Task to complete
Begin your transcription at the line containing "Some of the text" and continue it, word for word, to the final line below. Include only those lines and skip the pictures.

═════ Available records

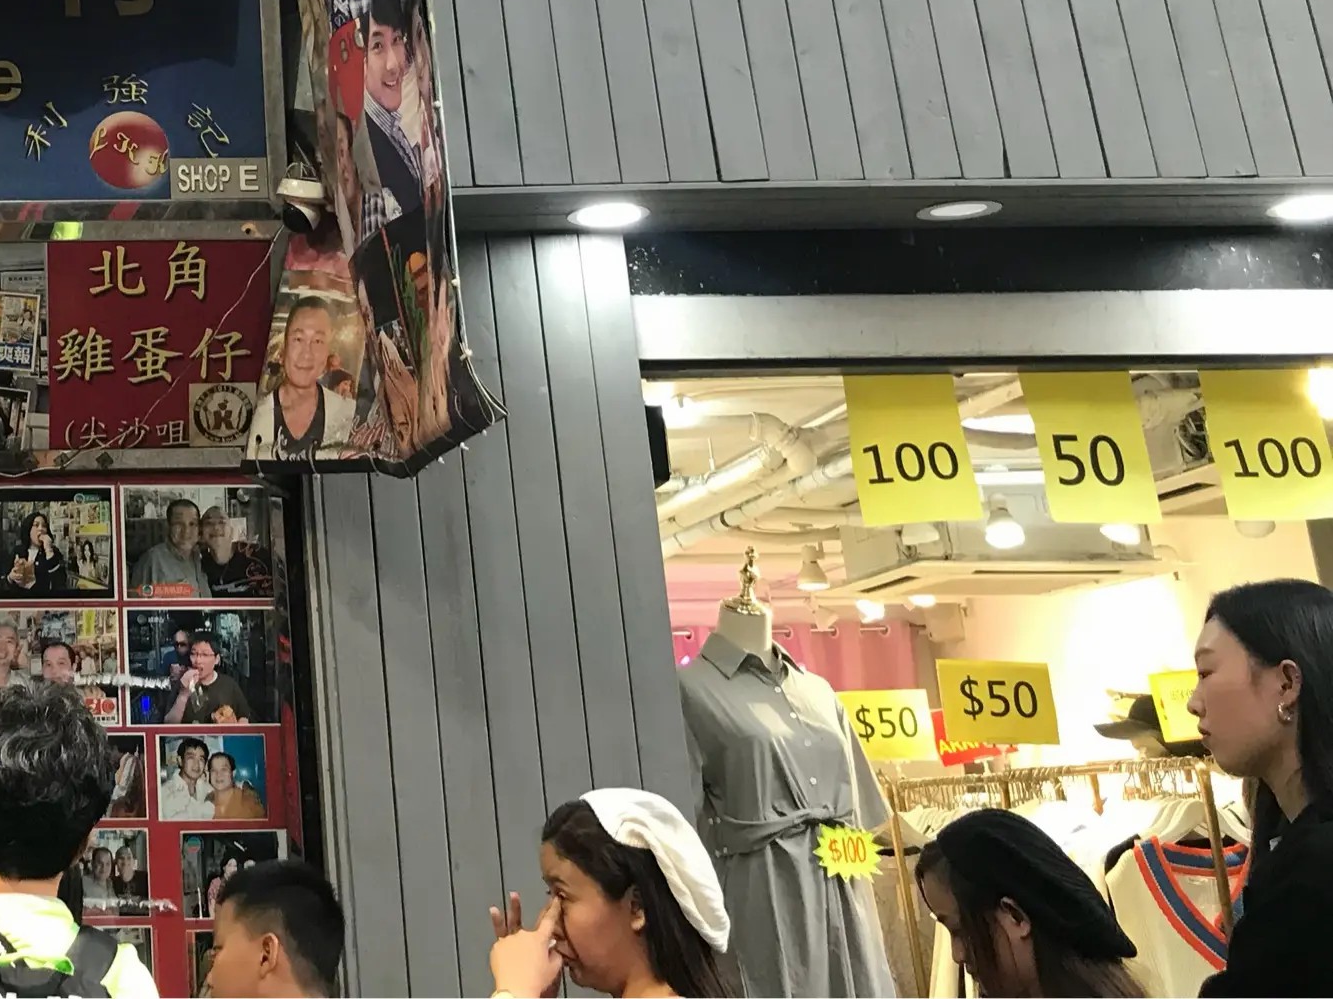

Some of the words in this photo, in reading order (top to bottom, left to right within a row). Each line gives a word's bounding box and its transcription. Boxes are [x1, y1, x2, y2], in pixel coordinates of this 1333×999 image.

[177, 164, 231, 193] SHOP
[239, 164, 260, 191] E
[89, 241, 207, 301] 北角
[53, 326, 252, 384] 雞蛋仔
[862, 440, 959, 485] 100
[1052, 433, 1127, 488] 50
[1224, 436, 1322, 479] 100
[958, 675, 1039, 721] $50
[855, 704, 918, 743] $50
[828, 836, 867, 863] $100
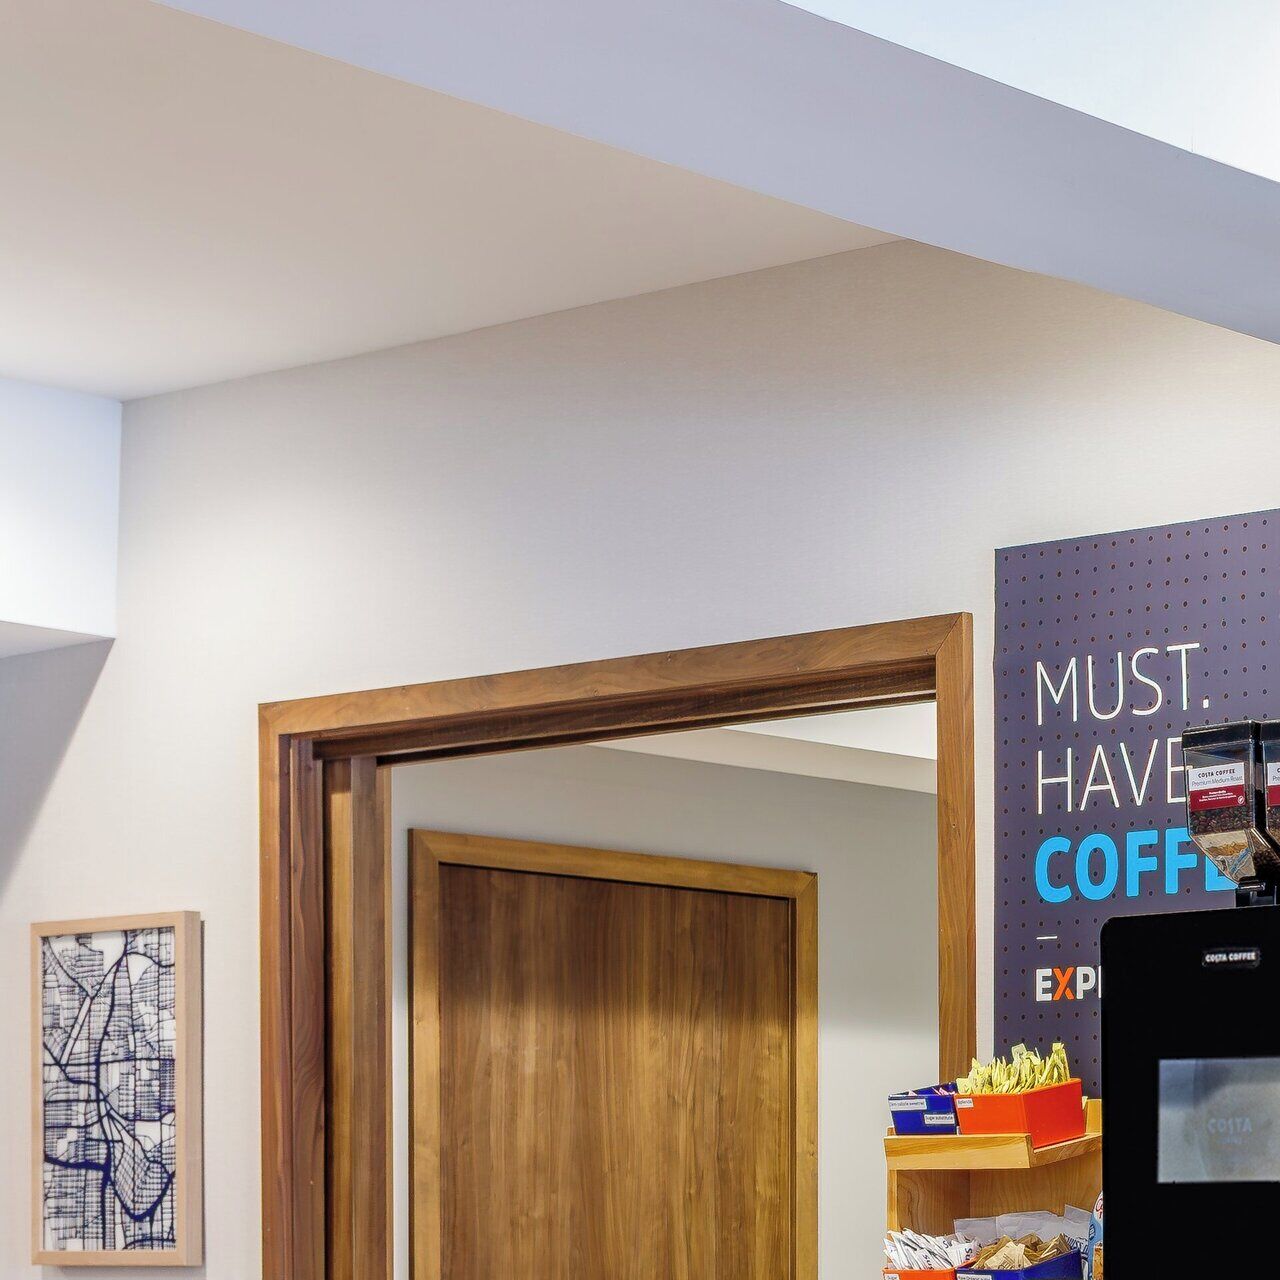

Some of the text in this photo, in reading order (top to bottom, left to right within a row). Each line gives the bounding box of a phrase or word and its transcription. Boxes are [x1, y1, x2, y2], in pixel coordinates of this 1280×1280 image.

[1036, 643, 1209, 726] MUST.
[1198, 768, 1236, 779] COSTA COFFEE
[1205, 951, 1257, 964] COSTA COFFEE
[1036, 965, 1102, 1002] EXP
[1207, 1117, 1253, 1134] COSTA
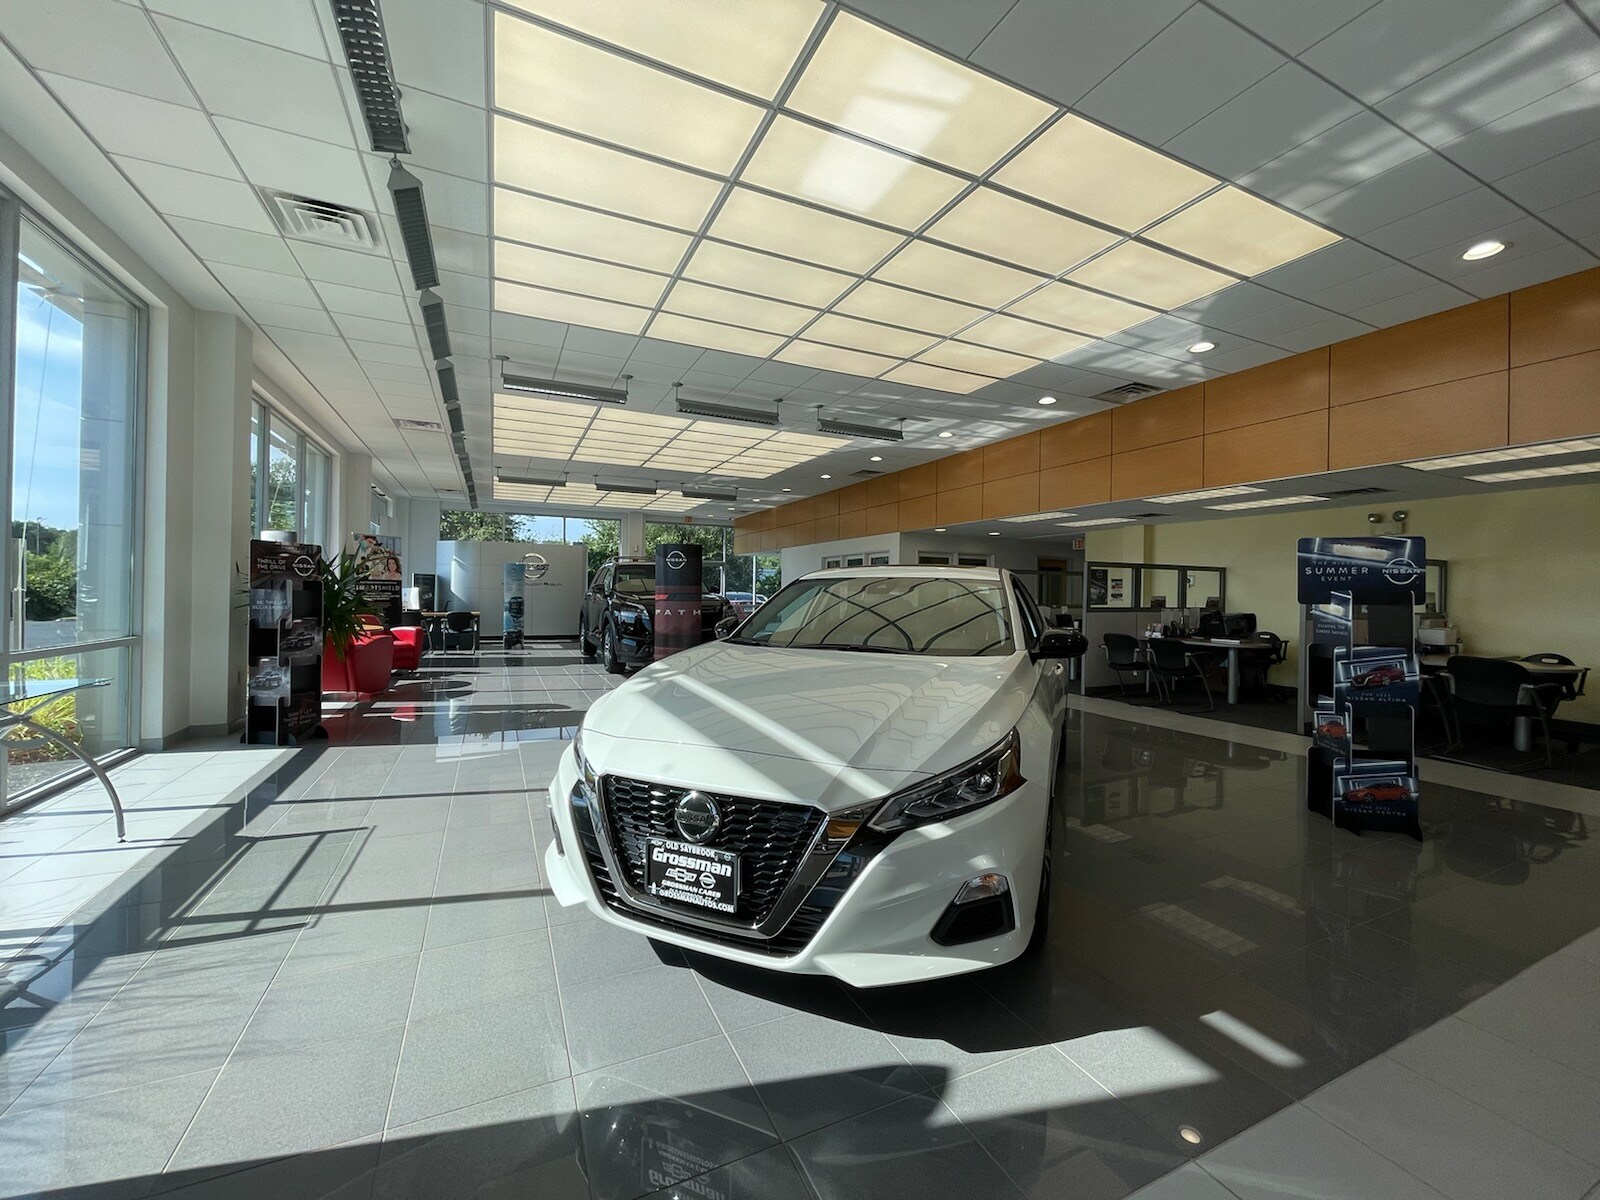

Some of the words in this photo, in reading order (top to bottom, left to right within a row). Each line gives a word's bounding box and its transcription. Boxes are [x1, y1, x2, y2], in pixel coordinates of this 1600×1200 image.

══════════

Problem solution
Some of the text in this photo, in reading order (top to bottom, left to right within a row). Each line gives the bounding box of a phrase or word and its transcription. Boxes are [x1, y1, x2, y2], in pixel coordinates of this 1280×1280 image.

[1036, 643, 1209, 726] MUST.
[1198, 768, 1236, 779] COSTA COFFEE
[1205, 951, 1257, 964] COSTA COFFEE
[1036, 965, 1102, 1002] EXP
[1207, 1117, 1253, 1134] COSTA

Some of the words in this photo, in reading order (top to bottom, left to right within a row). Each line gives a word's bounding box and its transcription. Boxes are [x1, y1, x2, y2], in pixel coordinates of this 1600×1200 image.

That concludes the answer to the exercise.